Let’s compute $\displaystyle\int\! 2x(x^2-1)^4\, dx$ by making the substitution \begin{eqnarray*} u&=&x^2-1\\ du&=&2x\, dx. \end{eqnarray*} Then \[ \int 2x(x^2-1)^4\, dx=\int (x^2-1)^4(2x\, dx)=\int u^4\, du=\frac{u^5}{5}+C=\frac{(x^2-1)^5}{5}+C.\] We may check this result by differentiating using the Chain Rule: \[\frac{d}{dx}\left(\frac{(x^2-1)^5}{5}+C\right)=\frac{5(x^2-1)^4}{5}(2x) =2x(x^2-1)^4.\qquad\qquad \surd\]

The substitution method amounts to applying the Chain Rule in reverse:

To compute $\displaystyle\int\! f(g(x))g'(x)\, dx$, we let \begin{eqnarray*} u&=&g(x)\\ du&=&g'(x)\, dx. \end{eqnarray*} Then \[\int f(g(x))g'(x)\, dx=\int f(u)\, du=F(u)=F(g(x))\] where $F$ is an antiderivative of $f$.
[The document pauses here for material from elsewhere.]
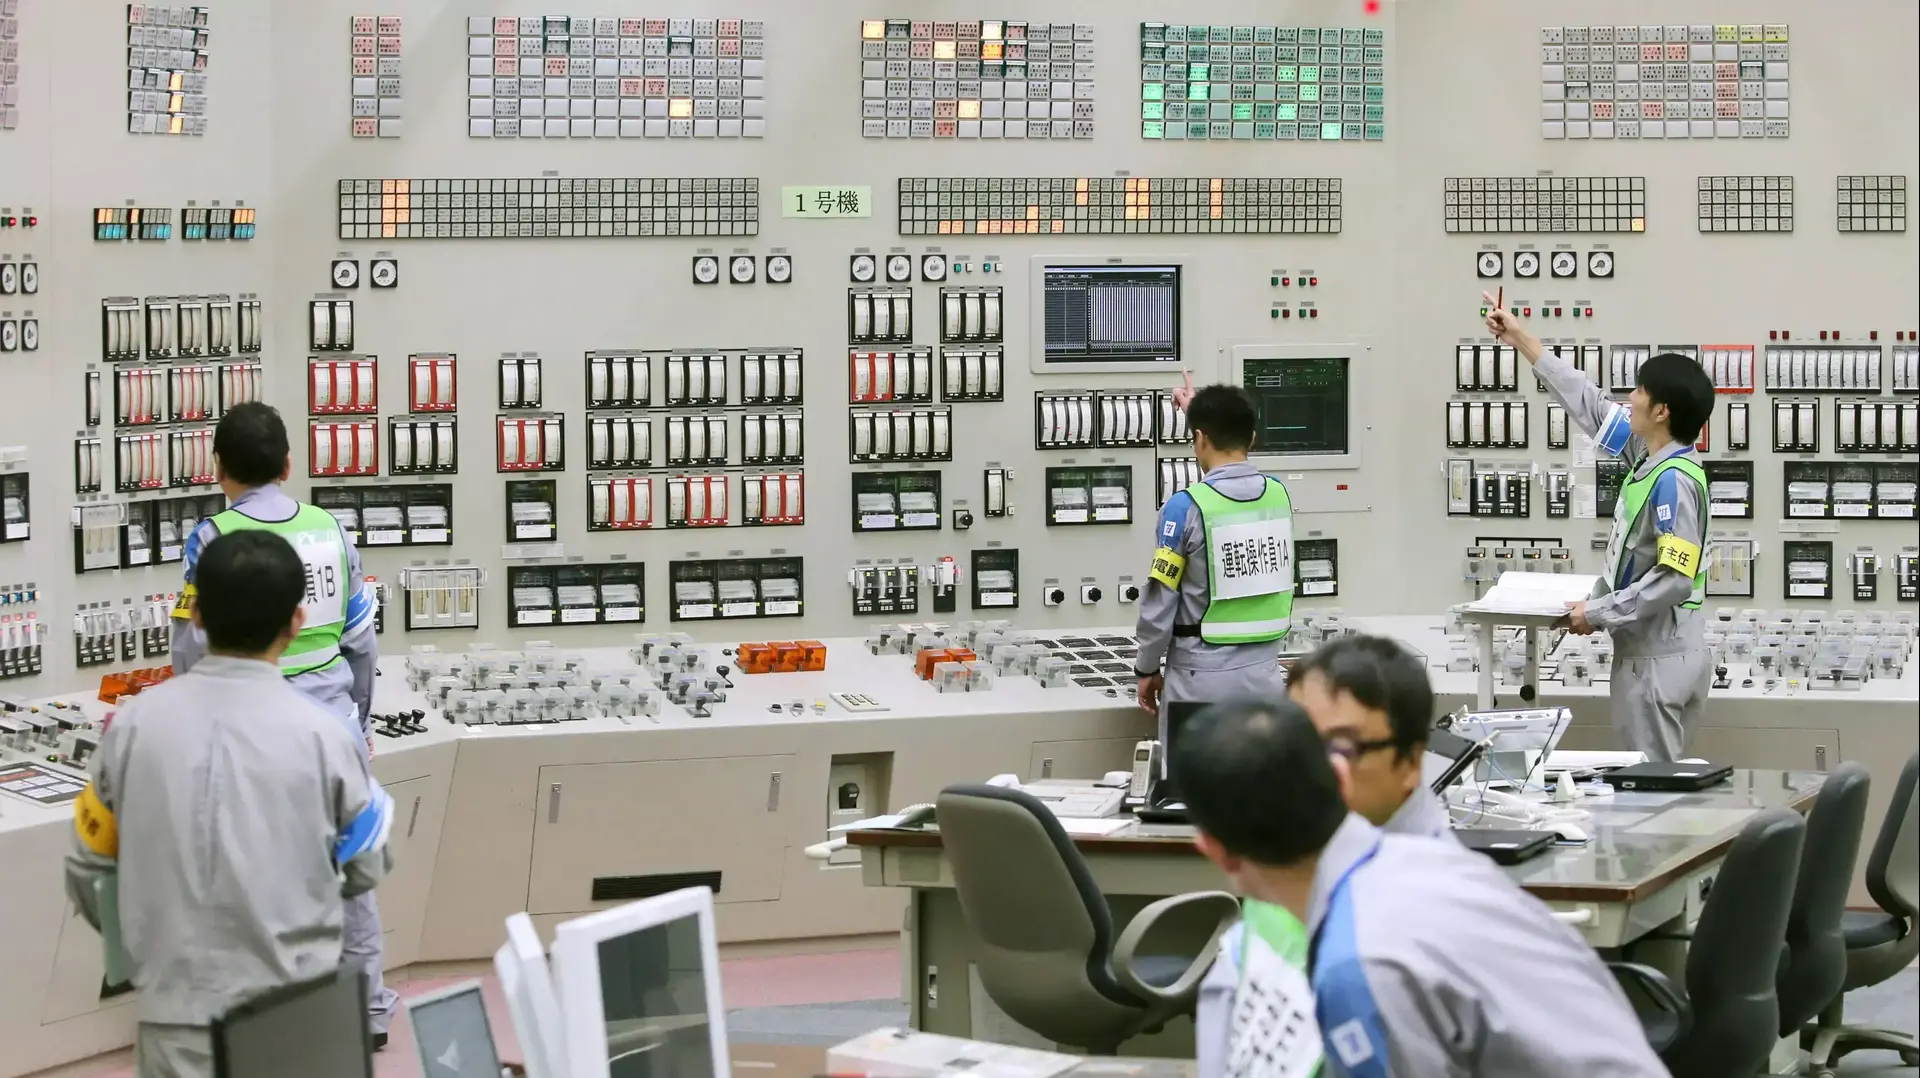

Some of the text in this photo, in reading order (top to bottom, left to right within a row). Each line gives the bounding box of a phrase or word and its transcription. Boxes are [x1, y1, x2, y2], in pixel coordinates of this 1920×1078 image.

[796, 190, 859, 214] 1号機
[1153, 557, 1180, 580] 電課
[1221, 536, 1289, 578] 運転操作員1A
To compute $\displaystyle\int\! \sin (2x)\cos (2x)\, dx$, let \begin{eqnarray*} u&=&\sin (2x)\\ du&=&2\cos (2x)\, dx. \end{eqnarray*} Then \[\int \sin (2x)\cos (2x)\, dx=\int\frac{1}{2}\sin (2x)[2\cos (2x)\, dx]=\int \frac{1}{2}u\, du=\frac{1}{4}u^2+C=\frac{1}{4}\sin^2 (2x)+C.\]
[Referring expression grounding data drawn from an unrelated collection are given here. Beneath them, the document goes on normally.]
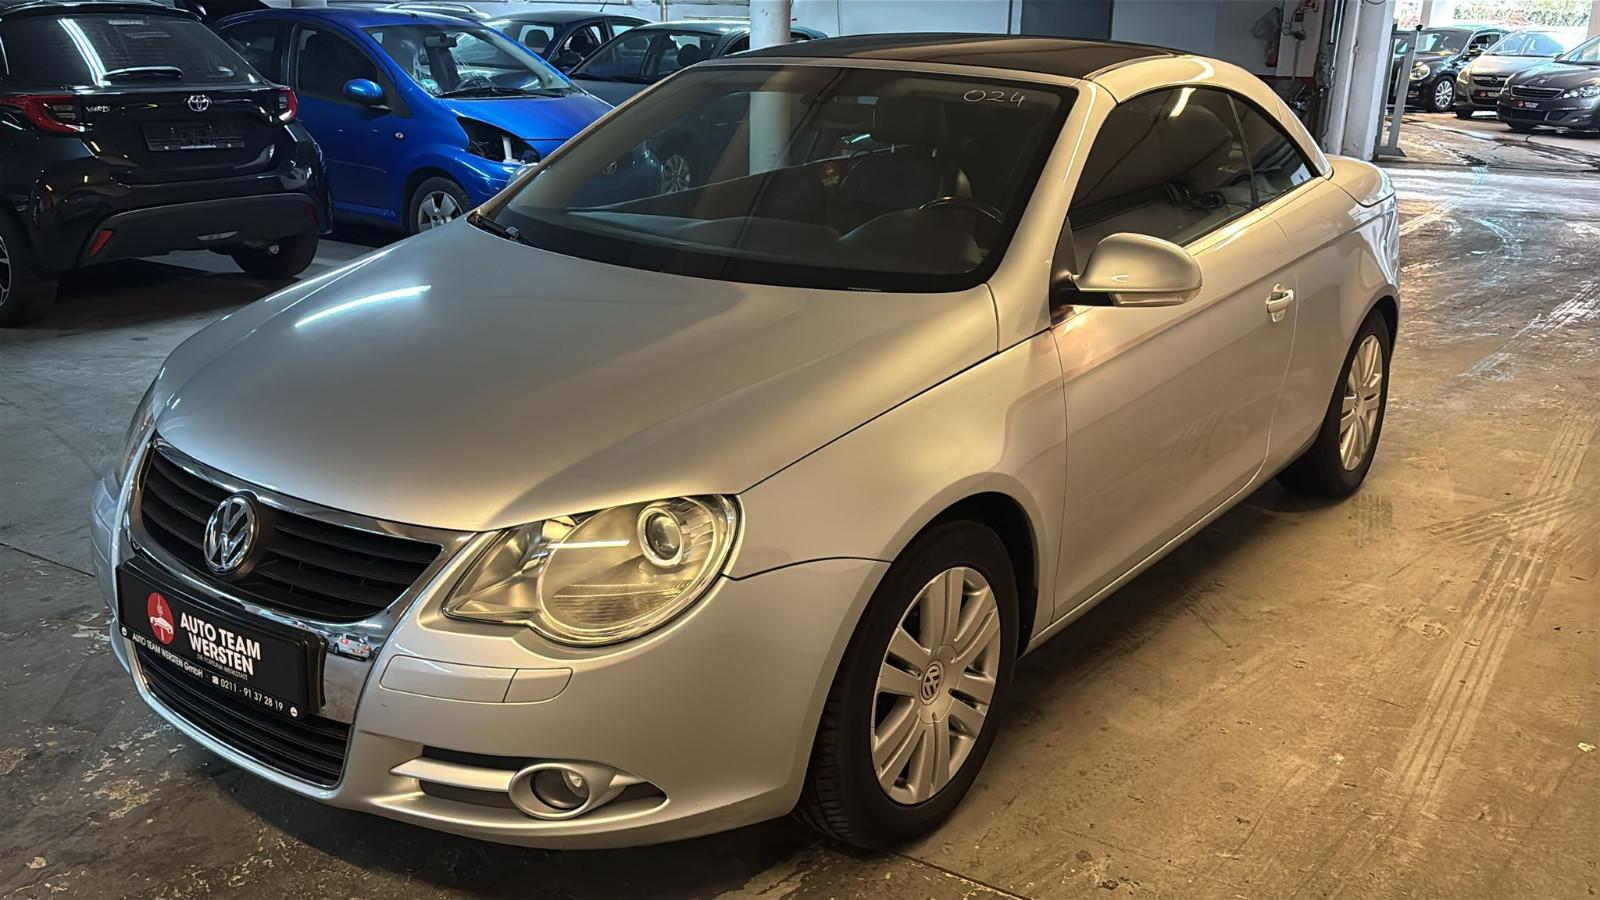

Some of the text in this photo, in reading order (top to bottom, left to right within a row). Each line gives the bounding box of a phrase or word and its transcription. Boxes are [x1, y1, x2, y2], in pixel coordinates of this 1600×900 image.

[963, 89, 1026, 108] 024
[181, 612, 261, 660] AUTO TEAM
[188, 632, 254, 675] WERSTEN
[132, 633, 146, 646] AUTO
[147, 640, 160, 654] TEAM
[161, 648, 183, 667] WERSTEN
[183, 662, 204, 678] GmbH
[220, 679, 237, 692] 0211
[243, 688, 252, 698] 91
[254, 692, 262, 702] 37
[264, 696, 273, 707] 28
[275, 700, 283, 711] 19
With practice, you will often be able to write down the result immediately.

We can evaluate $\displaystyle\int\! \frac{dx}{(4x-3)^2}$ by letting \begin{eqnarray*} u&=&4x-3\\ du&=&4\, dx\quad\longrightarrow\quad dx=\frac{1}{4}\, du. \end{eqnarray*} Then \[\int \frac{dx}{(4x-3)^2}=\int \frac{\frac{1}{4}\, du}{u^2}=-\frac{1}{4u}+C=\frac{-1}{4(4x-3)}+C.\]
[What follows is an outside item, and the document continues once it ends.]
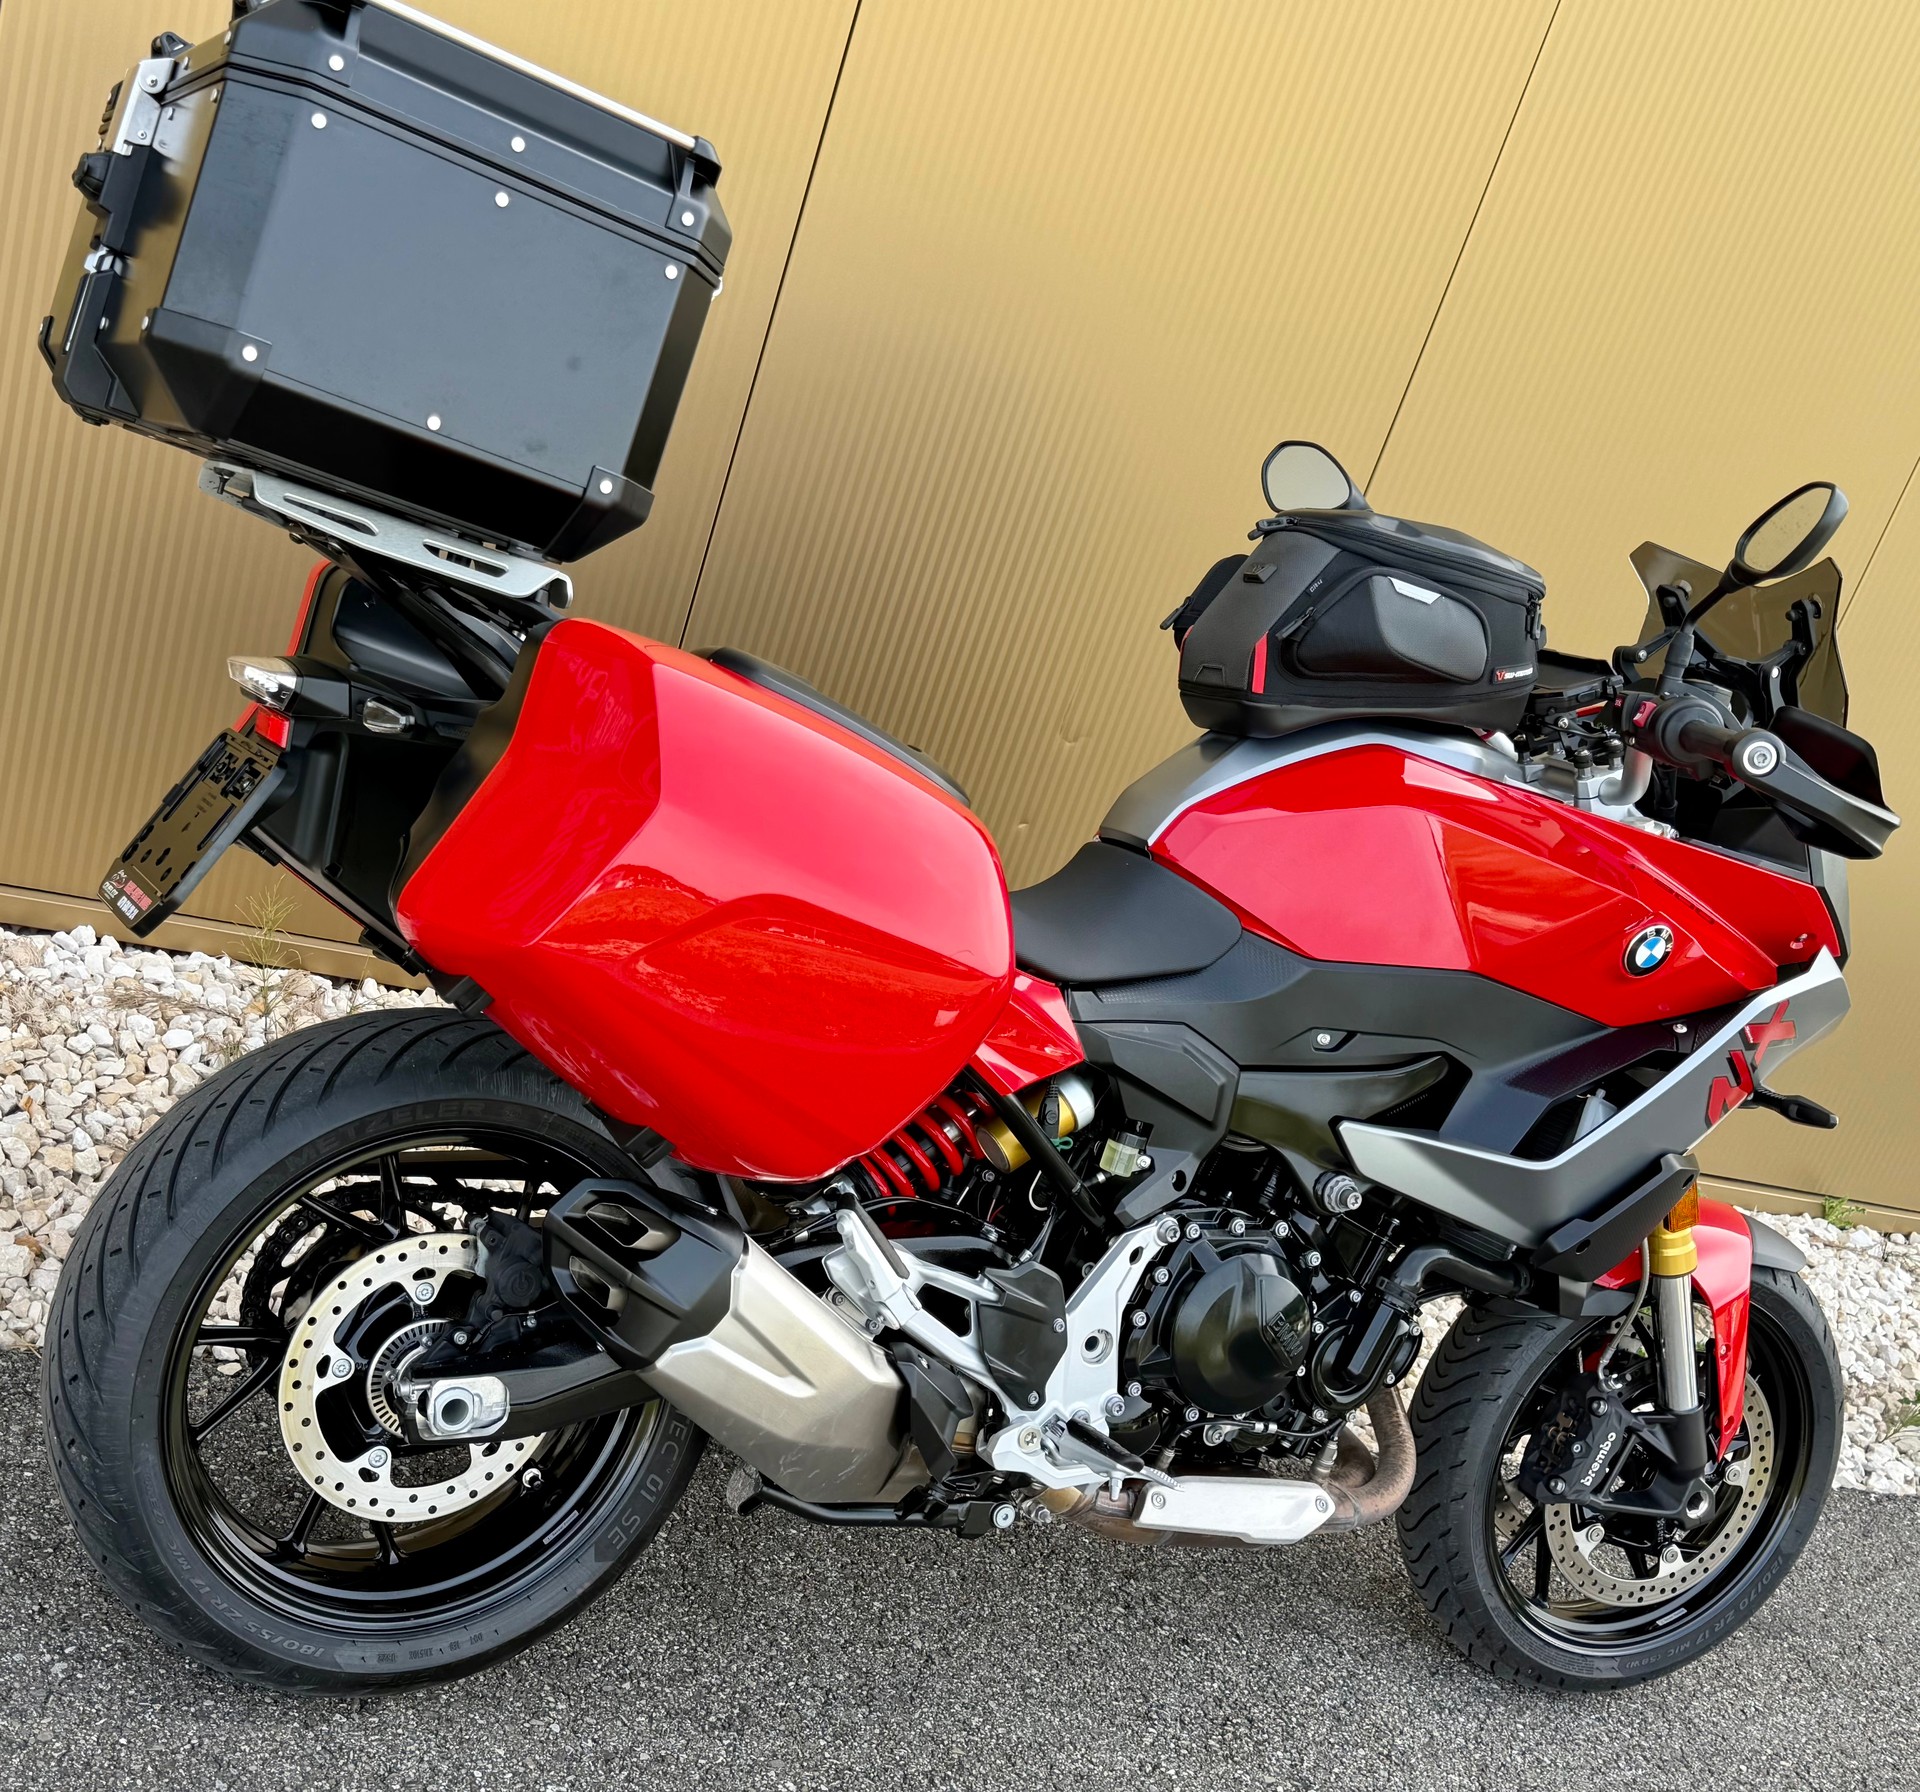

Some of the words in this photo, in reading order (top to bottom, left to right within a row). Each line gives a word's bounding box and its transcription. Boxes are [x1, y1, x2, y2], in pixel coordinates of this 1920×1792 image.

[1646, 929, 1673, 952] BMW
[1269, 1311, 1303, 1357] BMW
[1580, 1431, 1617, 1487] brembo
[243, 1622, 325, 1658] 180/55
It is not always apparent until you try it whether or not a substitution will work.

To compute $\displaystyle\int\! x\sqrt{x-3}\, dx$, we will try \begin{eqnarray*} u&=&x-3\quad\longrightarrow\quad x=u+3\\ du&=&dx. \end{eqnarray*} So \begin{eqnarray*} \int x\sqrt{x-3}\, dx&=&\int (u+3)\sqrt{u}\, du=\int \left(u^{3/2}+3u^{1/2}\right)\, du\\ &=&\frac{2}{5}u^{5/2}+2u^{3/2}+C=\frac{2}{5}(x-3)^{5/2}+2(x-3)^{3/2}+C. \end{eqnarray*}

We can also compute a definite integral using a substitution.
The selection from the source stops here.